── INPUT ──
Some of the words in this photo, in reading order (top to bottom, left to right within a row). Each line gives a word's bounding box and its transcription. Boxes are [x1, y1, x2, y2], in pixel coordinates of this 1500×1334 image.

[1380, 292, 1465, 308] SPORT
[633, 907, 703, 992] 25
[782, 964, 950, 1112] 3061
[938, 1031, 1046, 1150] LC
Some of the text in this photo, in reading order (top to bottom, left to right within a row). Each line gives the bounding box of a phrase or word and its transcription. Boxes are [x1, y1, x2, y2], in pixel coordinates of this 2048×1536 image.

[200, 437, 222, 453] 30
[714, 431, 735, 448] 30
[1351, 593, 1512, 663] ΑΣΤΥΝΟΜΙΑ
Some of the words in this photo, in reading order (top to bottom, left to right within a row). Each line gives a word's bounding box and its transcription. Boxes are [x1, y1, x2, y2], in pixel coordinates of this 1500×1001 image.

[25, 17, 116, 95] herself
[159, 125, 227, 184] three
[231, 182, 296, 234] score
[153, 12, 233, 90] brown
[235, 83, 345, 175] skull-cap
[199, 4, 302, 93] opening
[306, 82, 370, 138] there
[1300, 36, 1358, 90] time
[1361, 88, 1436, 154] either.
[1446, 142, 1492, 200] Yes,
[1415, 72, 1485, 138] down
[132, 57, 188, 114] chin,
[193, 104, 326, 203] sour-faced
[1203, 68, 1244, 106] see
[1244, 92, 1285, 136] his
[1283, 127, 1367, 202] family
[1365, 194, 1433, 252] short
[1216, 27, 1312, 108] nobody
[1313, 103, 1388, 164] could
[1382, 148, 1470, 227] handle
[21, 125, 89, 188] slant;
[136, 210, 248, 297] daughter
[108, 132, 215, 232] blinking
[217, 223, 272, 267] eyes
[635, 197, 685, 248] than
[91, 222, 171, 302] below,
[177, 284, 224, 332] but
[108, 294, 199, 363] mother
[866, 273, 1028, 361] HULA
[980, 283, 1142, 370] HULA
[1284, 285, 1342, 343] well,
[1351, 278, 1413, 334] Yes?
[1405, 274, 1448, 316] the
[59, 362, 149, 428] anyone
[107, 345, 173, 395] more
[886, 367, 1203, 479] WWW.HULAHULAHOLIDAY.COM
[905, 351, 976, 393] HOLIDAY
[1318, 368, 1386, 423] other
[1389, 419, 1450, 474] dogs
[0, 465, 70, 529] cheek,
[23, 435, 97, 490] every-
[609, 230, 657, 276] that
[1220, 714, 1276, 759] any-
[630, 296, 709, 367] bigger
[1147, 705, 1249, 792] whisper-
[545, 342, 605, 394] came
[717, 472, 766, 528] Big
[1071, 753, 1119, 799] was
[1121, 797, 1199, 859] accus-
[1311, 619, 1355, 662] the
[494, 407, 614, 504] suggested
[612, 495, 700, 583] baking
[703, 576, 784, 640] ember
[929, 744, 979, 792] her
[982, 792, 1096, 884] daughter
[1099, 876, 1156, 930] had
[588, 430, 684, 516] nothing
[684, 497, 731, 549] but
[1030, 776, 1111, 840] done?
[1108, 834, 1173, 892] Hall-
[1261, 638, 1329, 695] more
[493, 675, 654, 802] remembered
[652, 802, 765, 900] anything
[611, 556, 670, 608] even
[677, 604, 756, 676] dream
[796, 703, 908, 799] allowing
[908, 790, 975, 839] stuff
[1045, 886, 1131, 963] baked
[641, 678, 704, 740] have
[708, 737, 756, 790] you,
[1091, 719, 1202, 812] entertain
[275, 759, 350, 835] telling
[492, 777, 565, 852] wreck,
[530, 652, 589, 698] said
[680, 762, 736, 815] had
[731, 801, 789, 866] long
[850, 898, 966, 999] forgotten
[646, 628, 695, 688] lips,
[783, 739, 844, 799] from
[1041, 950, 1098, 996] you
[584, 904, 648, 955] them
───
## [WHAT IS REQUIRED]
Print the entries again so that each one matches exactly.

## [RESPONSE]
Some of the words in this photo, in reading order (top to bottom, left to right within a row). Each line gives a word's bounding box and its transcription. Boxes are [x1, y1, x2, y2], in pixel coordinates of this 1500×1334 image.

[1380, 292, 1465, 308] SPORT
[633, 907, 703, 992] 25
[782, 964, 950, 1112] 3061
[938, 1031, 1046, 1150] LC
Some of the text in this photo, in reading order (top to bottom, left to right within a row). Each line gives the bounding box of a phrase or word and its transcription. Boxes are [x1, y1, x2, y2], in pixel coordinates of this 2048×1536 image.

[200, 437, 222, 453] 30
[714, 431, 735, 448] 30
[1351, 593, 1512, 663] ΑΣΤΥΝΟΜΙΑ
Some of the words in this photo, in reading order (top to bottom, left to right within a row). Each line gives a word's bounding box and its transcription. Boxes are [x1, y1, x2, y2], in pixel coordinates of this 1500×1001 image.

[25, 17, 116, 95] herself
[159, 125, 227, 184] three
[231, 182, 296, 234] score
[153, 12, 233, 90] brown
[235, 83, 345, 175] skull-cap
[199, 4, 302, 93] opening
[306, 82, 370, 138] there
[1300, 36, 1358, 90] time
[1361, 88, 1436, 154] either.
[1446, 142, 1492, 200] Yes,
[1415, 72, 1485, 138] down
[132, 57, 188, 114] chin,
[193, 104, 326, 203] sour-faced
[1203, 68, 1244, 106] see
[1244, 92, 1285, 136] his
[1283, 127, 1367, 202] family
[1365, 194, 1433, 252] short
[1216, 27, 1312, 108] nobody
[1313, 103, 1388, 164] could
[1382, 148, 1470, 227] handle
[21, 125, 89, 188] slant;
[136, 210, 248, 297] daughter
[108, 132, 215, 232] blinking
[217, 223, 272, 267] eyes
[635, 197, 685, 248] than
[91, 222, 171, 302] below,
[177, 284, 224, 332] but
[108, 294, 199, 363] mother
[866, 273, 1028, 361] HULA
[980, 283, 1142, 370] HULA
[1284, 285, 1342, 343] well,
[1351, 278, 1413, 334] Yes?
[1405, 274, 1448, 316] the
[59, 362, 149, 428] anyone
[107, 345, 173, 395] more
[886, 367, 1203, 479] WWW.HULAHULAHOLIDAY.COM
[905, 351, 976, 393] HOLIDAY
[1318, 368, 1386, 423] other
[1389, 419, 1450, 474] dogs
[0, 465, 70, 529] cheek,
[23, 435, 97, 490] every-
[609, 230, 657, 276] that
[1220, 714, 1276, 759] any-
[630, 296, 709, 367] bigger
[1147, 705, 1249, 792] whisper-
[545, 342, 605, 394] came
[717, 472, 766, 528] Big
[1071, 753, 1119, 799] was
[1121, 797, 1199, 859] accus-
[1311, 619, 1355, 662] the
[494, 407, 614, 504] suggested
[612, 495, 700, 583] baking
[703, 576, 784, 640] ember
[929, 744, 979, 792] her
[982, 792, 1096, 884] daughter
[1099, 876, 1156, 930] had
[588, 430, 684, 516] nothing
[684, 497, 731, 549] but
[1030, 776, 1111, 840] done?
[1108, 834, 1173, 892] Hall-
[1261, 638, 1329, 695] more
[493, 675, 654, 802] remembered
[652, 802, 765, 900] anything
[611, 556, 670, 608] even
[677, 604, 756, 676] dream
[796, 703, 908, 799] allowing
[908, 790, 975, 839] stuff
[1045, 886, 1131, 963] baked
[641, 678, 704, 740] have
[708, 737, 756, 790] you,
[1091, 719, 1202, 812] entertain
[275, 759, 350, 835] telling
[492, 777, 565, 852] wreck,
[530, 652, 589, 698] said
[680, 762, 736, 815] had
[731, 801, 789, 866] long
[850, 898, 966, 999] forgotten
[646, 628, 695, 688] lips,
[783, 739, 844, 799] from
[1041, 950, 1098, 996] you
[584, 904, 648, 955] them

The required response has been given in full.